When should one heed Mr. Market's advice, and when should one disregard it?
Hey friend, let's talk about that moody "Mr. Market." This is a classic metaphor proposed by Graham in The Intelligent Investor. Understanding him means you're halfway there in grasping value investing.
Imagine Mr. Market is your business partner. He has one defining trait: wildly unstable emotions, like someone with bipolar disorder.
- Sometimes, he gets extremely excited and optimistic, seeing the world through rose-colored glasses. Then he rushes over, offering you an outrageously high price, wanting to buy your shares or sell you his at sky-high prices.
- Other times, he plunges into deep pessimism and despair, convinced the world is ending. Then he practically begs on his knees, selling you his good stuff at fire sale, dirt-cheap prices, or offering to buy your shares very cheaply.
Most importantly, he shows up every day with a quote, but you have every right to ignore him. He won't be angry if you don't trade with him.
Once you understand this character, the problem becomes much simpler.
When should you "listen" to his suggestions? (Actually, exploiting his quotes)
You should pay serious attention to his quote when Mr. Market is extremely pessimistic and fearful.
It's like grocery shopping. Suppose you think a bottle of milk is worth $10, and it usually sells for $10. Suddenly, the shop owner (Mr. Market), afraid the milk might expire tomorrow (even though it won't), insists on selling it to you for $2. Shouldn't you grab a few extra bottles then?
This usually happens during:
- Major market crashes, when everyone is wailing: Bad news floods the headlines, everyone thinks the economy is doomed, and stocks become hot potatoes. Mr. Market is terrified, willing to sell you shares of quality companies at rock-bottom prices (far below their intrinsic value).
- When an industry or company experiences a "black swan" event: For example, a good company has some negative news, but your analysis shows it doesn't affect its long-term prospects. Mr. Market panics regardless, giving you a "fire sale" price.
Simply put: When he offers you a ridiculously cheap price, it's your chance to score a bargain. When he cries, it’s time for you to smile. You listen to his quote not because you agree with his pessimism, but because his pessimism gives you a prime opportunity to buy good companies.
When should you resolutely "ignore" him?
You should treat him like thin air, or politely stay away, when Mr. Market is extremely euphoric and greedy.
Back to the supermarket analogy. One day, because of a rumor that this milk grants immortality, the shop owner (Mr. Market) slaps a $100 price tag on the $10 bottle, and people are scrambling to buy it. Would you join the frenzy? Of course not, you'd think everyone's gone mad.
This usually happens during:
- The peak of a bull market, when everyone is euphoric: Taxi drivers are talking stocks, everyone says "this time it's different," "you could make money blindfolded." Mr. Market is wildly optimistic and quotes you exorbitant prices. If you follow his mood, you'll buy at the peak.

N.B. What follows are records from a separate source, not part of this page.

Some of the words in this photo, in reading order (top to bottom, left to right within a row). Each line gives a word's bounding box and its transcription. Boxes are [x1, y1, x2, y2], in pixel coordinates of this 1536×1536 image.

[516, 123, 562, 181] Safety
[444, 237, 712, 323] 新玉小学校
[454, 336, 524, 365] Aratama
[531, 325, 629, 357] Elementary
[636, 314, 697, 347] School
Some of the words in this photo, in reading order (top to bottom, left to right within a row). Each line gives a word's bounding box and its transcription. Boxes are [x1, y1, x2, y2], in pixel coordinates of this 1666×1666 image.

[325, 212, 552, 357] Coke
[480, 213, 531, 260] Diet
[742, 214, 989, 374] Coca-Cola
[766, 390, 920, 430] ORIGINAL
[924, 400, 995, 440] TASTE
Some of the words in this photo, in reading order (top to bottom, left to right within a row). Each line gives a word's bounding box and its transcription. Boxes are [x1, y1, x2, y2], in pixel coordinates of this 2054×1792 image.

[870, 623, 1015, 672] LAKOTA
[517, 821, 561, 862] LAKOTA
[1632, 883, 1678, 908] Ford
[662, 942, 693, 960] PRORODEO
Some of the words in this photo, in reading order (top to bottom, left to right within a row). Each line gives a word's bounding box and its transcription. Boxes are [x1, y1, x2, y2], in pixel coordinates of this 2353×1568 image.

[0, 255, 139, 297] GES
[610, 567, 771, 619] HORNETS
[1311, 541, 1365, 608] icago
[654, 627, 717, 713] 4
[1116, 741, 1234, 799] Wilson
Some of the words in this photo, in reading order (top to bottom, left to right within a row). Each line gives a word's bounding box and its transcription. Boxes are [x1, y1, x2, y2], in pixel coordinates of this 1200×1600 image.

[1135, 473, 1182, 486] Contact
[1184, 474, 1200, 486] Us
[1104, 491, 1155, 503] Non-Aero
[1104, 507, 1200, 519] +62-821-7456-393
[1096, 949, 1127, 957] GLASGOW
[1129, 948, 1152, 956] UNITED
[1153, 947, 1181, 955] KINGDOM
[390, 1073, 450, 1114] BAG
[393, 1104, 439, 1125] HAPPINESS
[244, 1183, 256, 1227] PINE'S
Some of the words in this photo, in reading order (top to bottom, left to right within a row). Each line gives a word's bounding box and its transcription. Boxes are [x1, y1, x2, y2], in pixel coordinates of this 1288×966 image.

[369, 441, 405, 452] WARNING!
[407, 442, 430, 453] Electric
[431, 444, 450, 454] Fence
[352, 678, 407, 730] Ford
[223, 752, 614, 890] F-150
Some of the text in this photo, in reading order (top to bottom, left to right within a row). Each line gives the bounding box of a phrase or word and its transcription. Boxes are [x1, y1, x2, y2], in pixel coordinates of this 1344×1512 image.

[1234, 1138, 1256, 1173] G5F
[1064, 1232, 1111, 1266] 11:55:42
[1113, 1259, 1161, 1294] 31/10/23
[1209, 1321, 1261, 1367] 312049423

- When a concept or theme is wildly hyped: Like the "metaverse" or "blockchain" craze of the past, where stock prices soared for any company remotely connected. Mr. Market is throwing a massive party, and it's best not to join because parties always end.
Simply put: When he offers you an absurdly high price, it's time to stay cool. When he laughs, it's time for you to be wary. You ignore his quote because you know it doesn't reflect the company's true worth; it's just a bubble of emotion. At times like this, if you happen to hold something he desperately wants, you might even consider selling it to him at his inflated price.
Core Principle: You are the Master, He is the Servant
Remember this most crucial principle: In your relationship with Mr. Market, you are the master, he is the servant.
- Don't let his emotions dictate yours. His panic doesn't mean you should panic. His greed doesn't mean you should be greedy.
- Don't go to him for investment advice. He's just a quote machine, not an analyst. You need to research and determine a company's value yourself.
- Use his mood swings to your advantage. Buy when he's depressed; be cautious or sell when he's euphoric.
A Simple Metaphor to Summarize
Think of yourself as the owner of a house. You know clearly that your house has a great location, a good layout, and is worth $2 million.
- Mr. Market (your emotional neighbor) rushes over and says: "Yikes! I heard they're building a landfill nearby (rumor), your house is doomed! Sell it to me for $500,000!" What do you do? You just smile and close the door. If he's willing to sell his similar house for $500,000, you might even consider buying it.
- A few months later, a celebrity walks past your door. Mr. Market sprints over again: "Wow! This is blessed land! I'll give you $5 million for your house!" What do you do? You might seriously consider selling it to him because that price far exceeds your assessment of its value.
Throughout it all, the true value of your house hasn't changed dramatically; what changes is Mr. Market's mood and his quotes. Your decisions should be based on your judgment of the house's value, not Mr. Market's daily hysteria.
That's the wisdom of dealing with Mr. Market.